Consciousness Markers
The crew includes performers of various ethnicities and genders, with Katherine Waterston in a capable lead role. However, this diversity appears incidental rather than intentional, with minority characters receiving minimal character development before being killed off.
No evidence of LGBTQ+ themes, representation, or subtext in the film. The narrative contains no LGBTQ+ characters or relationships.
While the protagonist is female and capable, the film makes no effort to examine gender dynamics or challenge patriarchal structures. Waterston's character functions as a standard action hero rather than exploring feminist themes.
The diverse cast appears to be treated as a demographic fact of the future rather than as an opportunity for racial commentary or examination of systemic power dynamics.
No evidence of environmental or climate-related themes in the film. The plot concerns survival against biological threat, not ecological or climate consciousness.
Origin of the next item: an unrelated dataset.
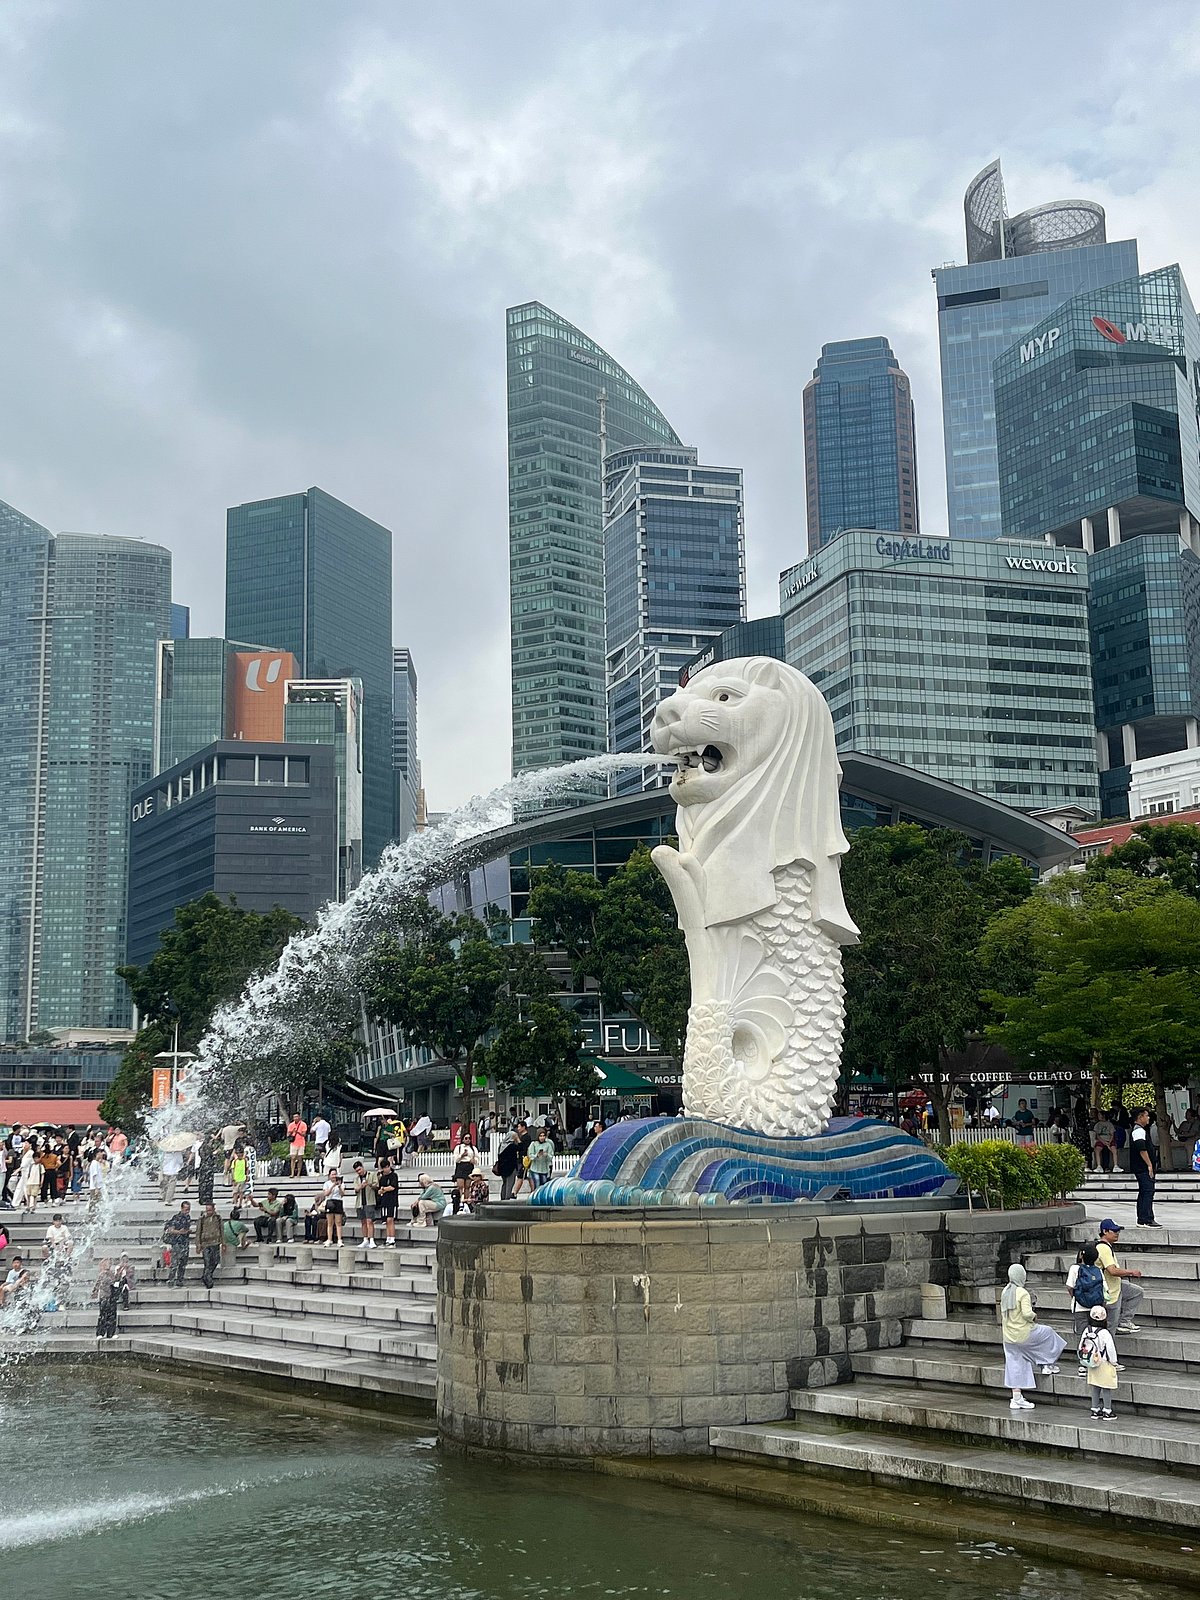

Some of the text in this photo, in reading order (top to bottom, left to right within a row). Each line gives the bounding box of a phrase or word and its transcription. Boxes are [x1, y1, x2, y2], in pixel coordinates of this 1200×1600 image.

The Alien franchise contains corporate villainy in its DNA, but Covenant largely sidelines this element in favor of theological and philosophical concerns, avoiding sustained critique of capitalism.
The film is a horror movie that uses the human body as a site of violation and destruction. There is no body positivity messaging or celebration of bodily diversity.
No representation of neurodivergent characters or engagement with neurodiversity themes.
As a science fiction film set in the future, the film does not engage with historical revisionism or reinterpretation of past events.
The film contains brief philosophical discussions between characters about faith and creation, but these remain dialogue rather than preachy lectures meant to educate the audience about social issues.